→ WHAT NEEDS TO BE DONE: Could you repeat all of the entries word for word, minus any pictures?

=== Section Start ===

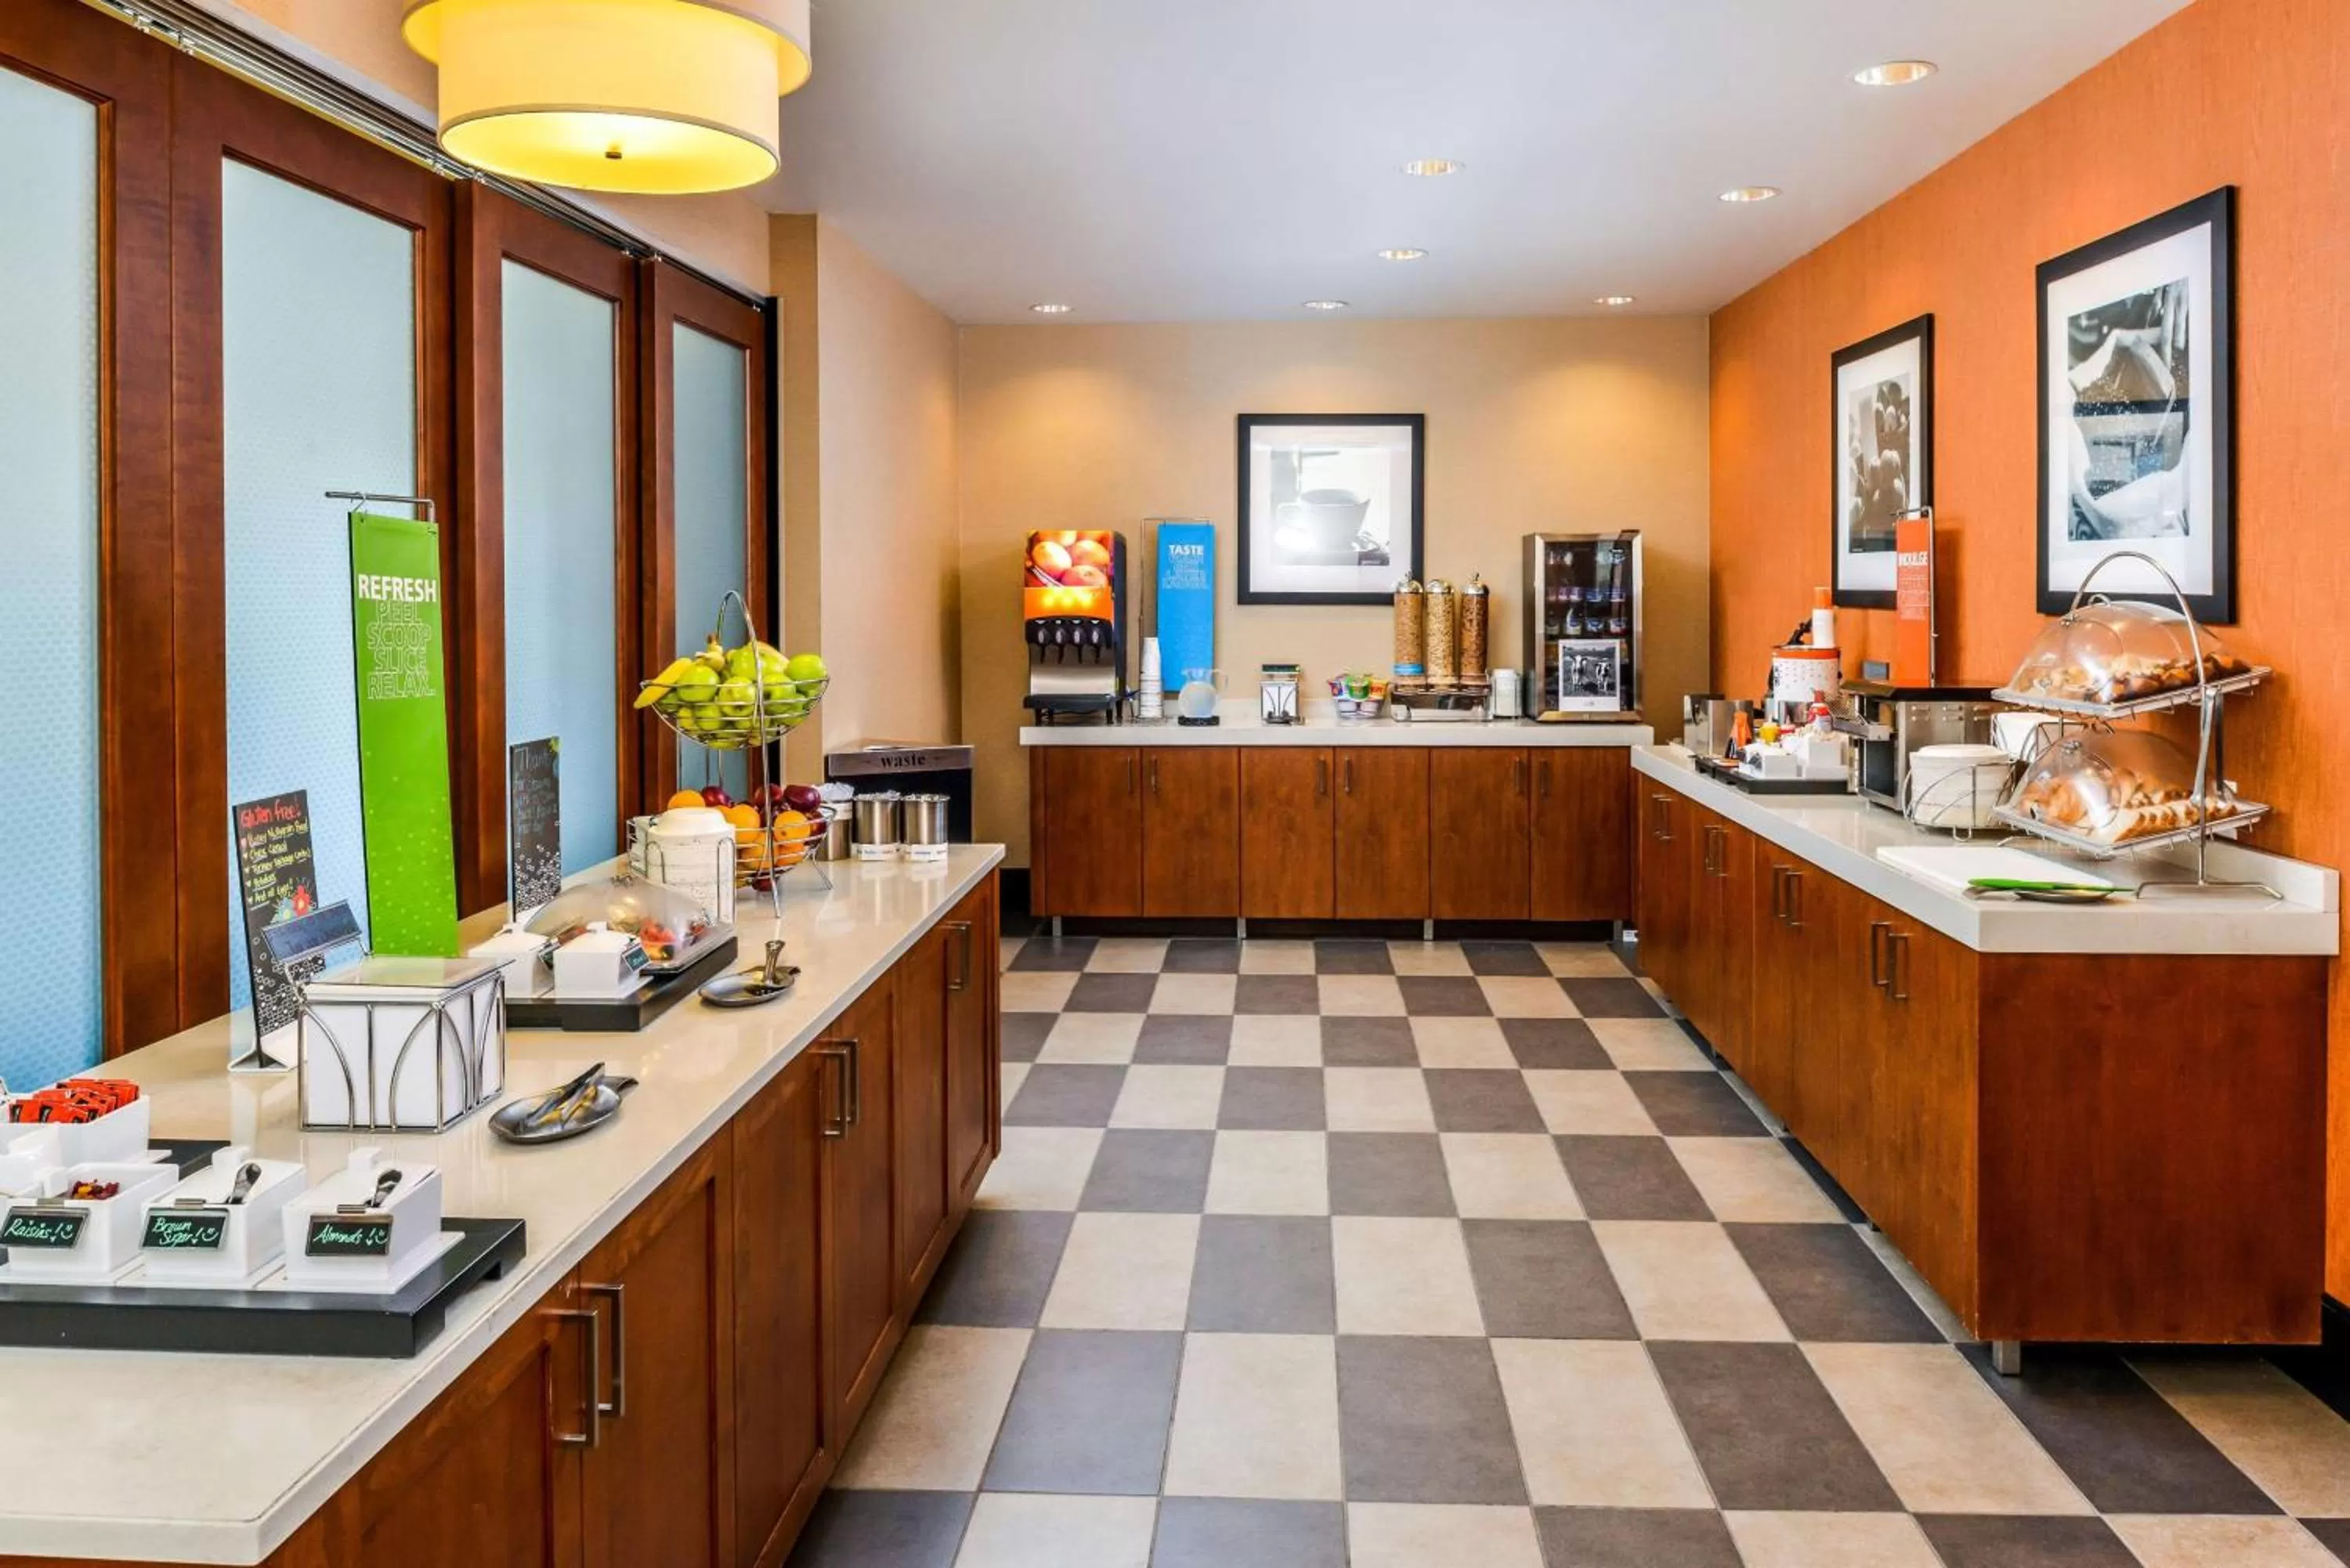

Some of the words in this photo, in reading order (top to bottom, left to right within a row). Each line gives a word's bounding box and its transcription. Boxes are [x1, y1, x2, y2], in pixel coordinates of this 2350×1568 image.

[1168, 544, 1204, 555] TASTE
[357, 573, 437, 602] REFRESH
[376, 600, 422, 623] PEEL
[367, 622, 432, 649] SCOOP
[374, 647, 427, 674] SLICE
[880, 753, 927, 768] waste
[152, 1216, 192, 1233] Brown

=== Section End ===

→ ANSWER SPACE:
Some of the words in this photo, in reading order (top to bottom, left to right within a row). Each line gives a word's bounding box and its transcription. Boxes are [x1, y1, x2, y2], in pixel coordinates of this 2350×1568 image.

[1168, 544, 1204, 555] TASTE
[357, 573, 437, 602] REFRESH
[376, 600, 422, 623] PEEL
[367, 622, 432, 649] SCOOP
[374, 647, 427, 674] SLICE
[880, 753, 927, 768] waste
[152, 1216, 192, 1233] Brown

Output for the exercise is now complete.